Orsi Michele, Janneh Foday Musa, Sesay Amadu, Bah Abdul Karim, Tiru Nitsuh Addis
Unit of Obstetrics, Department of Woman Newborn and Child, Fondazione Istituto di Ricovero e Cura a Carattere Scientifico Ca' Granda Ospedale Maggiore Policlinico, Via della Commenda, 12, 20122 Milan, Italy.
Princess Christian Maternity Hospital, University of Sierra Leone Teaching Hospital Complex, Fourah Bay Road, Freetown 00232, Sierra Leone.

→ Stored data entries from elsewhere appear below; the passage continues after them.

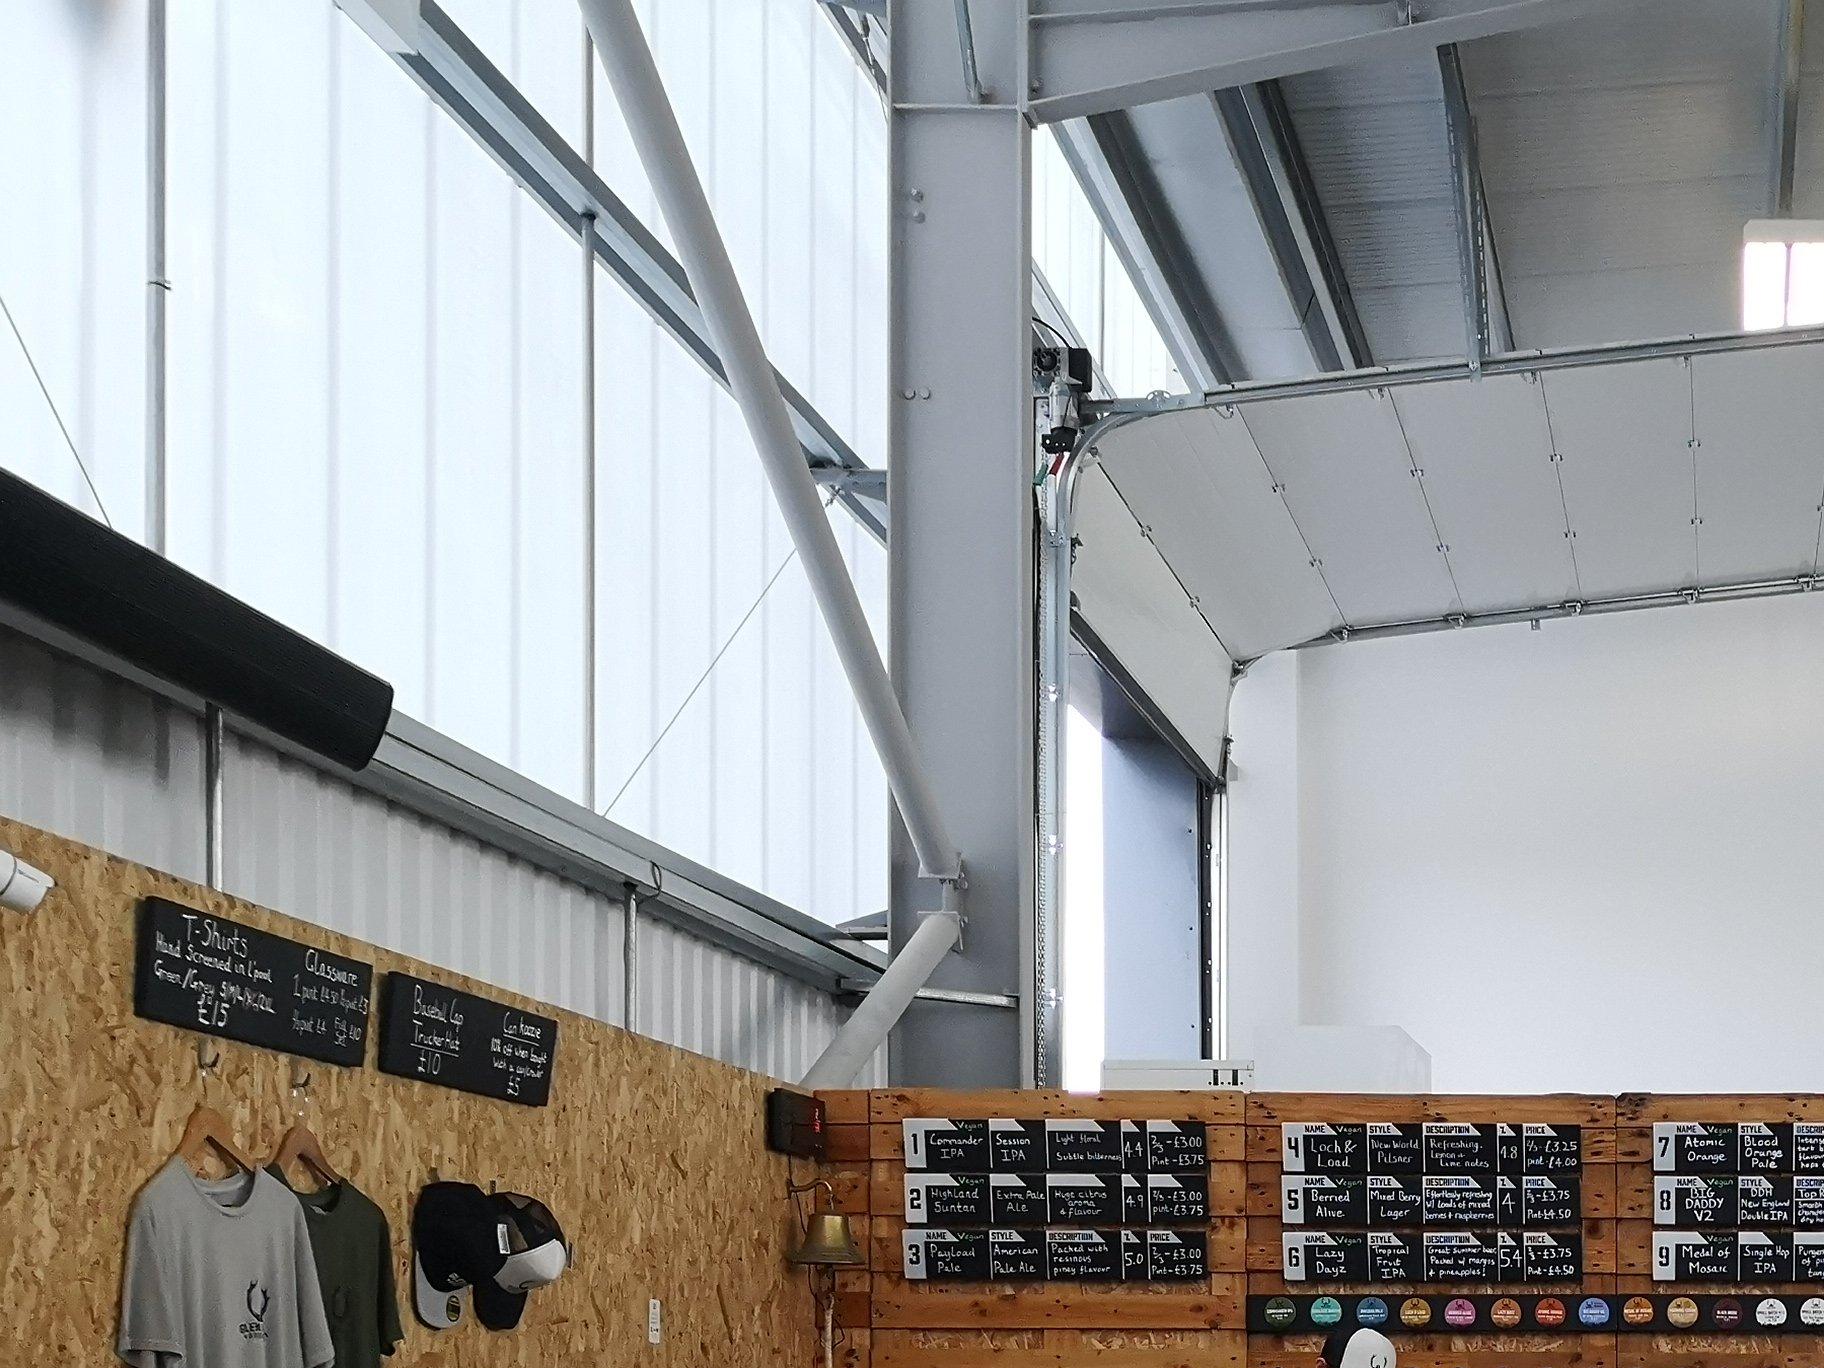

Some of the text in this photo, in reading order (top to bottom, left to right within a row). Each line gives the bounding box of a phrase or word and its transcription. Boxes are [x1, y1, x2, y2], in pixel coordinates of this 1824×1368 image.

[182, 914, 248, 958] T-Shirts
[305, 949, 358, 986] Glassware
[197, 997, 230, 1027] £15
[413, 1019, 445, 1046] Trucker
[417, 1050, 441, 1075] £10
[1304, 1125, 1325, 1133] NAME
[1369, 1125, 1391, 1134] STYLE
[1525, 1126, 1545, 1134] PRICE
[911, 1134, 918, 1154] 1
[930, 1133, 983, 1146] Commander
[996, 1133, 1031, 1146] Session
[1371, 1139, 1420, 1150] New World
[1684, 1138, 1726, 1147] Atomic
[1744, 1137, 1778, 1146] Blood
[1288, 1137, 1299, 1158] 4
[1311, 1139, 1342, 1153] Loch
[1659, 1137, 1669, 1157] 7
[941, 1148, 964, 1158] IPA
[1001, 1149, 1026, 1161] IPA
[1378, 1152, 1413, 1164] Pilsner
[1688, 1152, 1727, 1163] Orange
[1745, 1148, 1783, 1158] Orange
[1317, 1155, 1350, 1168] Load
[1751, 1159, 1777, 1169] Pale
[1741, 1179, 1762, 1187] STYLE
[931, 1189, 979, 1200] Highland
[996, 1190, 1045, 1200] Extra Pale
[1311, 1191, 1350, 1202] Berried
[1690, 1187, 1715, 1197] BIG
[1750, 1188, 1773, 1197] DDH
[909, 1188, 921, 1210] 2
[1288, 1189, 1300, 1210] 5
[1371, 1191, 1421, 1205] Mixed Berry
[1660, 1190, 1670, 1211] 8
[1685, 1198, 1724, 1209] DADDY
[935, 1202, 976, 1213] Suntan
[1007, 1202, 1028, 1213] Ale
[1741, 1199, 1790, 1209] New England
[1316, 1205, 1345, 1218] Alive
[1380, 1207, 1410, 1220] Lager
[1694, 1211, 1714, 1221] V2
[1741, 1210, 1788, 1221] Double IPA
[926, 1232, 946, 1240] NAME
[991, 1232, 1013, 1240] STYLE
[909, 1244, 920, 1265] 3
[930, 1246, 975, 1260] Payload
[993, 1246, 1038, 1256] American
[1315, 1247, 1345, 1262] Lazy
[1372, 1246, 1409, 1257] Tropical
[1659, 1247, 1670, 1266] 9
[1682, 1246, 1731, 1258] Medal of
[1743, 1247, 1772, 1259] Single
[1289, 1247, 1300, 1267] 6
[1377, 1257, 1401, 1266] Fruit
[938, 1262, 962, 1273] Pale
[994, 1262, 1036, 1273] Pale Ale
[1316, 1262, 1347, 1275] Dayz
[1689, 1262, 1728, 1273] Mosaic
[1754, 1262, 1776, 1273] IPA
[1381, 1268, 1406, 1279] IPA
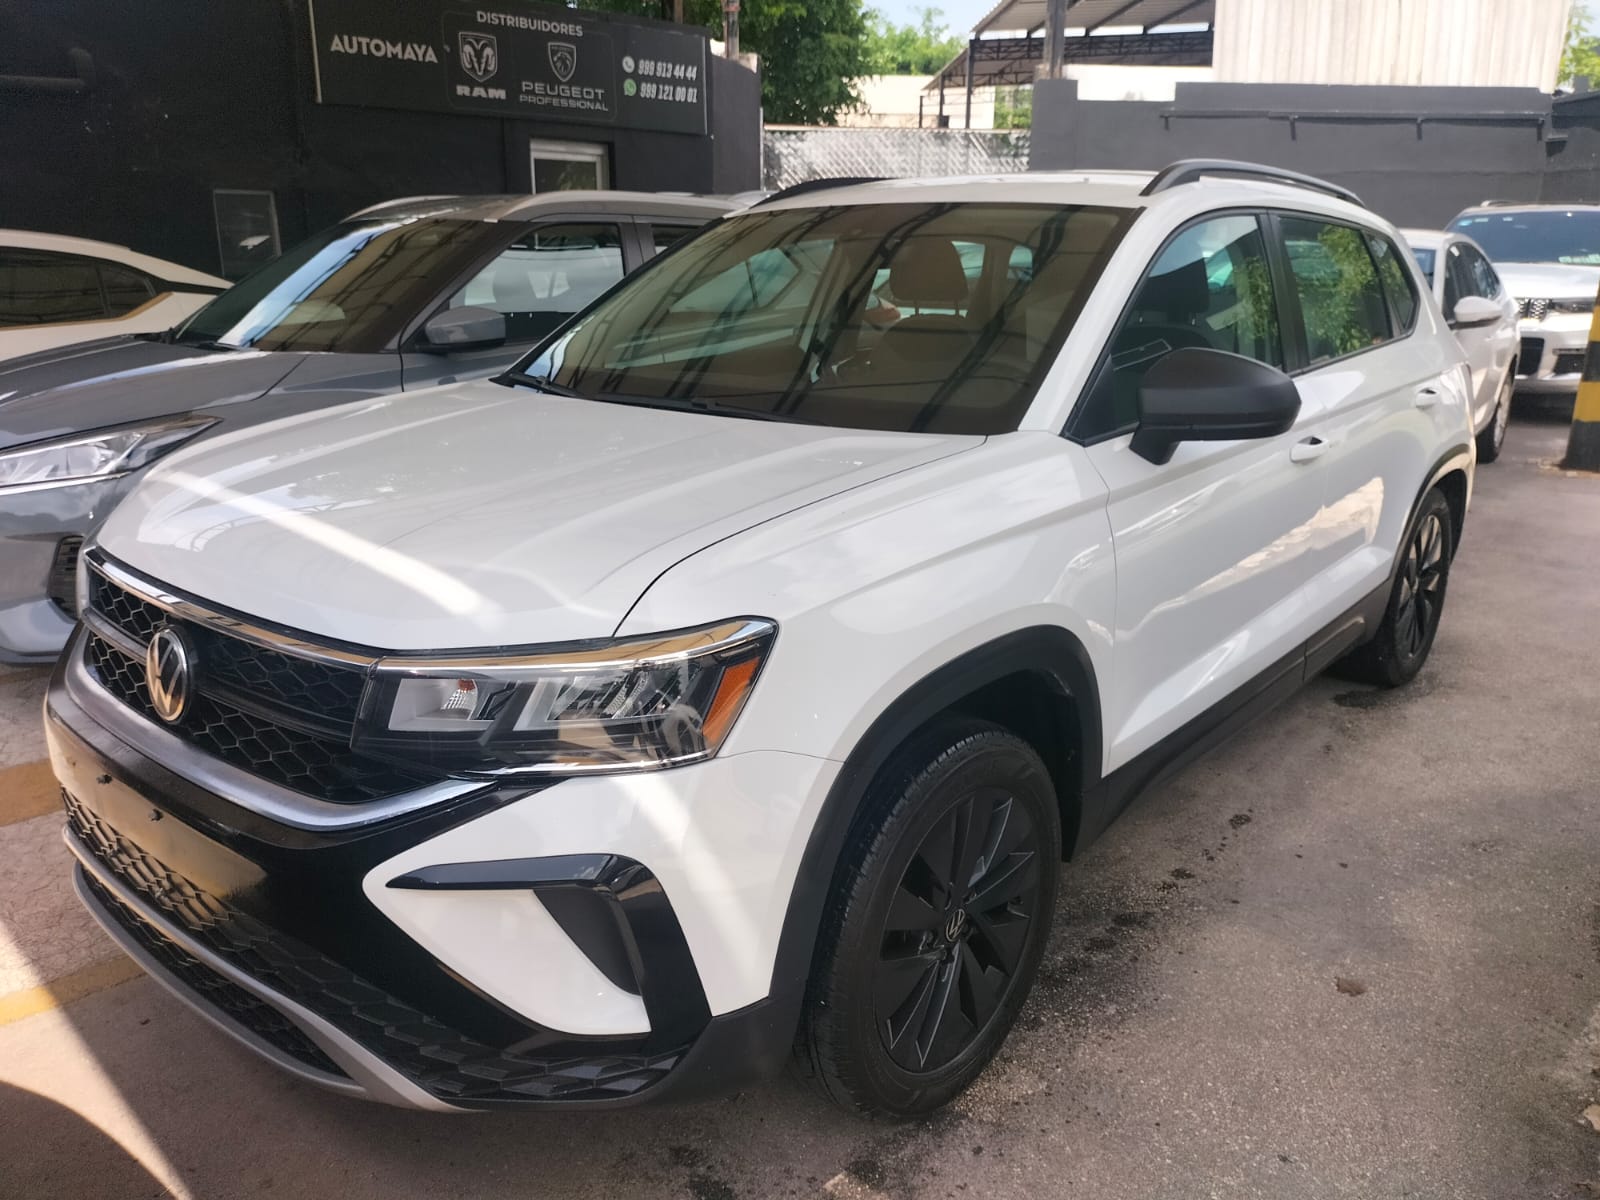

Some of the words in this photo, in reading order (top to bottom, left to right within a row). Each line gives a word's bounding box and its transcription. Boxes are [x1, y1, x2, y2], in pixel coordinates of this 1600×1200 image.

[476, 11, 584, 37] DISTRIBUIDORES
[330, 34, 438, 63] AUTOMAYA
[638, 59, 655, 76] 999
[656, 61, 673, 78] 913
[674, 64, 685, 80] 44
[686, 65, 697, 81] 44
[456, 84, 507, 100] RAM
[521, 81, 605, 100] PEUGEOT
[640, 82, 657, 99] 999
[657, 84, 673, 101] 121
[675, 86, 686, 102] 00
[519, 95, 609, 112] PROFESSIONAL

J Clin Med. 2023 Aug 30;12(17):5642. doi: 10.3390/jcm12175642.
Guidelines recommend the prompt surgical removal of any ectopic pregnancy (EP) in the presence of a vital embryo. This treatment impacts future fertility, particularly in low-resource settings where access to assisted reproductive techniques is limited. In addition, growing evidence is reporting live births after conservative management of initially undiagnosed abdominal pregnancies. Therefore, the discussion on the acceptability of expectant management in selected cases has been recently raised.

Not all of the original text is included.